How Patients Are Protected
Because investigational drugs are unproven by definition, several layers of oversight exist to protect people who participate in trials. The most important is the Institutional Review Board (IRB), an independent committee that reviews every clinical trial before it begins and continues monitoring it throughout. The IRB’s job is to make sure the rights and welfare of participants are protected. It reviews not just the study design but the entire informed consent process: what information participants receive, how much time they’re given to consider it, who explains the risks to them, and whether their agreement is truly voluntary.
If the research team wants to change anything about the study protocol, the IRB must approve those changes before they take effect, with one exception: if an immediate change is needed to protect participants from a clear safety hazard. The IRB also has the authority to send observers to watch the consent process or the research itself if concerns arise.
On top of IRB oversight, federal regulations require specific labeling for investigational drugs. Every package must carry the statement: “Caution: New Drug, Limited by Federal law to investigational use.” The label cannot claim the drug is safe or effective, because that has not yet been established.
Getting an Investigational Drug Outside a Trial
Most people encounter investigational drugs by enrolling in a clinical trial. But two pathways exist for patients who can’t join a trial and have run out of approved options.
Expanded Access
The FDA’s expanded access program (sometimes called compassionate use) allows patients to receive an investigational drug when all of the following are true: they have a serious or life-threatening condition, no comparable approved treatment exists, enrolling in a clinical trial is not possible, the potential benefit justifies the risks, and providing the drug won’t interfere with the ongoing trials needed to bring it to market. The FDA reviews and must authorize each request.
Right to Try
The federal Right to Try Act, signed into law in 2018, created a separate pathway. It applies to patients diagnosed with a life-threatening disease who have exhausted all approved treatments and cannot participate in a clinical trial. A physician must certify these conditions in writing, and the physician cannot be compensated by the drug manufacturer for doing so. The patient or their legal representative must provide written informed consent. Unlike expanded access, Right to Try requests do not require FDA review or IRB approval. The FDA’s role is limited to receiving and posting information about these cases. However, drug manufacturers are not required to provide their investigational products through this pathway, and many do not.
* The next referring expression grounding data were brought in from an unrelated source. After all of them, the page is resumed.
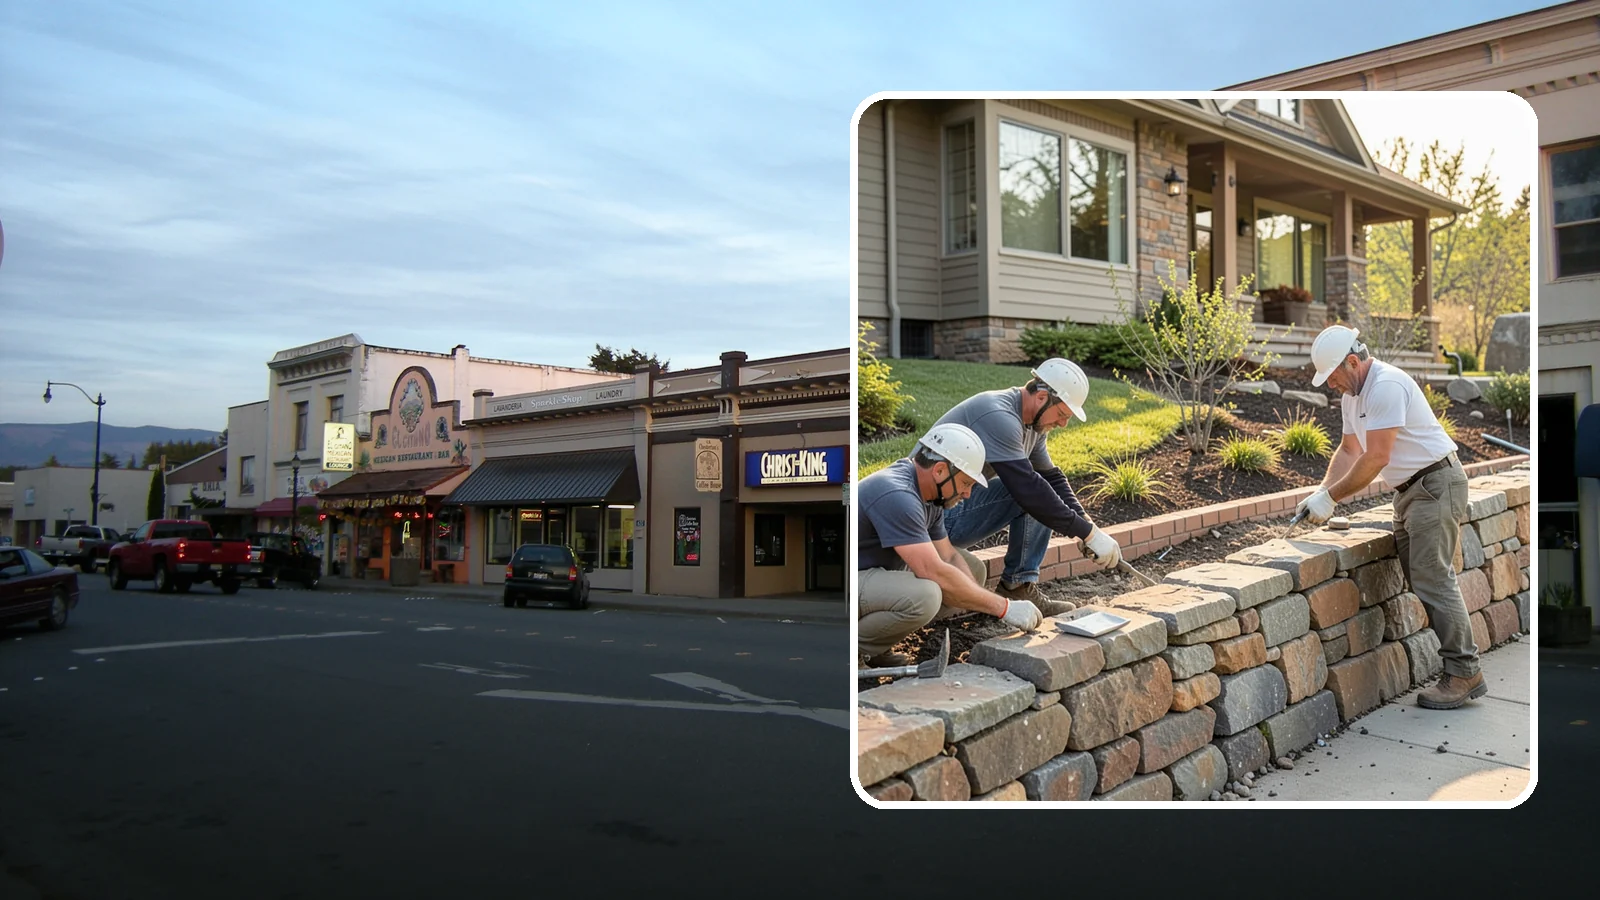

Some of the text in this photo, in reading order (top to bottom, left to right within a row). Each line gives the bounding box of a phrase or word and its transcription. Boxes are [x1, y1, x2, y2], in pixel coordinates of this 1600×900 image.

[530, 394, 582, 409] Sparkle Shop
[595, 389, 623, 400] LAUNDRY
[493, 402, 522, 412] LAVANDERIA
[373, 450, 450, 464] MEXICAN RESTAURANT BAR
[761, 450, 828, 478] CHRIST KING
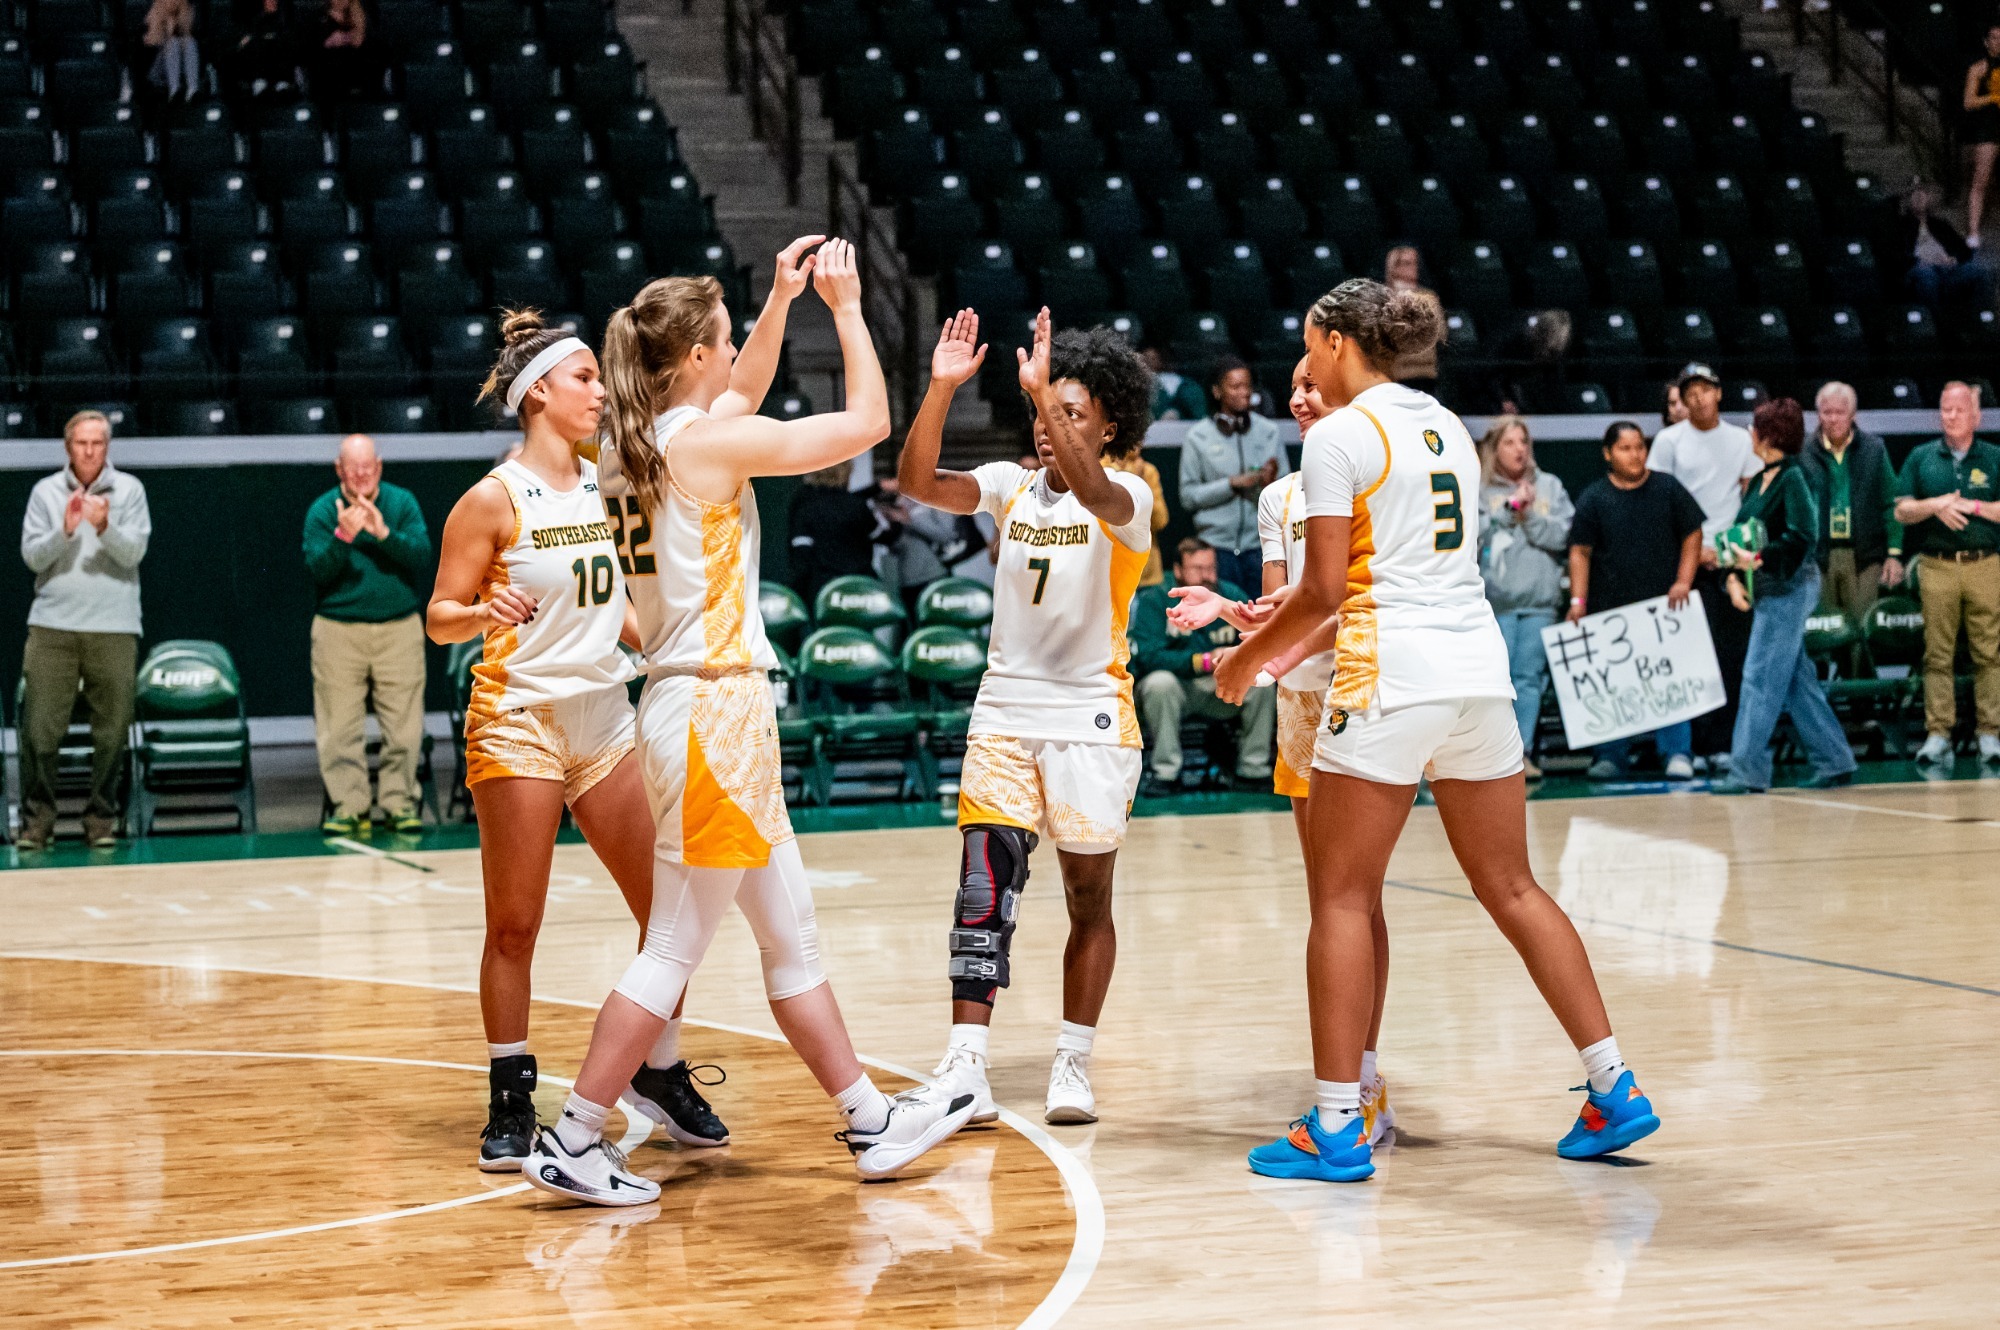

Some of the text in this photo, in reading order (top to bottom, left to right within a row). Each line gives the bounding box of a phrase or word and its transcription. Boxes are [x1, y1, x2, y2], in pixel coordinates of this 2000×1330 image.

What “Investigational” Actually Means for You
If you see a drug described as “investigational” in a news story, a clinical trial listing, or a conversation with your doctor, the key thing to understand is that it occupies a specific legal and scientific space. It has shown enough promise in lab and animal studies to be tested in humans, and it has passed an FDA review to begin that testing. But it has not yet proven that it works well enough, or safely enough, to be prescribed to the general public. The testing process is long, expensive, and most candidates don’t survive it. That doesn’t mean investigational drugs are dangerous or useless. It means the evidence isn’t complete yet, and the protections in place exist to make sure patients aren’t harmed while that evidence is gathered.